▶ _WHAT THIS TASK INVOLVES_: Print all the data that follows exactly, images excluded.

▶ _GIVEN RECORDS_:

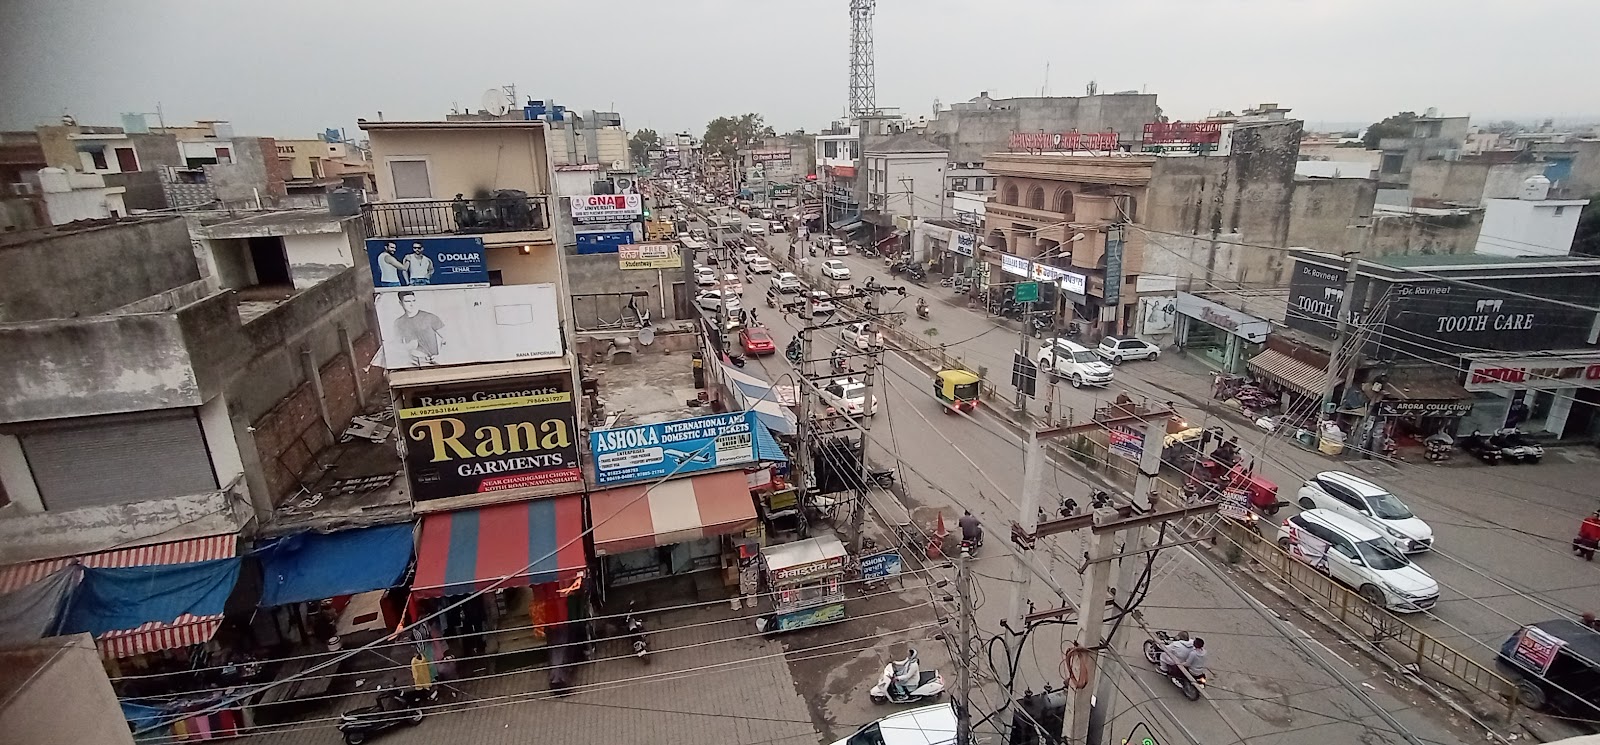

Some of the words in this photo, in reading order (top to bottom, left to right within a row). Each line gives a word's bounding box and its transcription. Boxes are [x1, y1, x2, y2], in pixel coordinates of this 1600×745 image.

[588, 196, 615, 206] GNA
[446, 253, 480, 261] DOLLAR
[1312, 268, 1339, 282] Ravneet
[1414, 285, 1451, 296] Ravneet
[1298, 295, 1335, 319] TOOTH
[1437, 315, 1489, 332] TOOTH
[1493, 313, 1535, 330] CARE
[1426, 403, 1472, 411] COLLECTION
[664, 417, 727, 433] INTERNATIONAL
[728, 414, 746, 425] AND
[409, 418, 572, 463] Rana
[597, 426, 660, 452] ASHOKA
[661, 430, 701, 444] DOMESTIC
[702, 426, 717, 438] AIR
[718, 422, 750, 435] TICKETS
[458, 452, 564, 477] GARMENTS
[503, 474, 548, 484] CHANDIGARH
[861, 556, 887, 567] ASHOKA
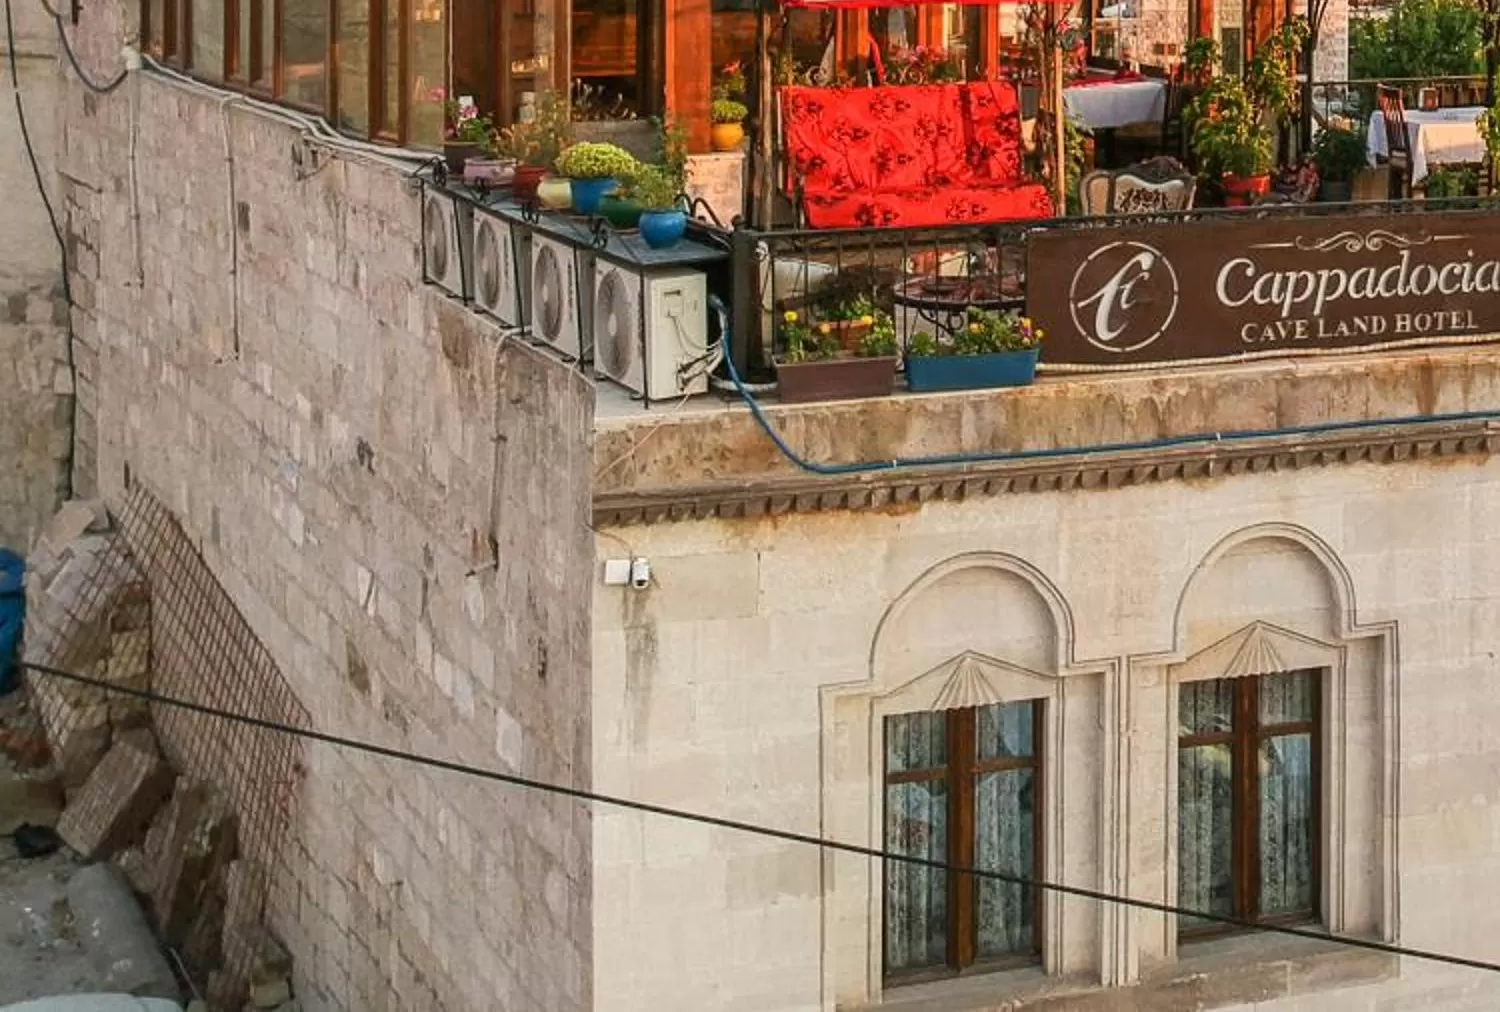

▶ _RESPONSE TO THE EXERCISE_:
Some of the words in this photo, in reading order (top to bottom, left to right within a row). Each line gives a word's bounding box and its transcription. Boxes are [x1, y1, x2, y2], in pixel coordinates of this 1600×745 image.

[588, 196, 615, 206] GNA
[446, 253, 480, 261] DOLLAR
[1312, 268, 1339, 282] Ravneet
[1414, 285, 1451, 296] Ravneet
[1298, 295, 1335, 319] TOOTH
[1437, 315, 1489, 332] TOOTH
[1493, 313, 1535, 330] CARE
[1426, 403, 1472, 411] COLLECTION
[664, 417, 727, 433] INTERNATIONAL
[728, 414, 746, 425] AND
[409, 418, 572, 463] Rana
[597, 426, 660, 452] ASHOKA
[661, 430, 701, 444] DOMESTIC
[702, 426, 717, 438] AIR
[718, 422, 750, 435] TICKETS
[458, 452, 564, 477] GARMENTS
[503, 474, 548, 484] CHANDIGARH
[861, 556, 887, 567] ASHOKA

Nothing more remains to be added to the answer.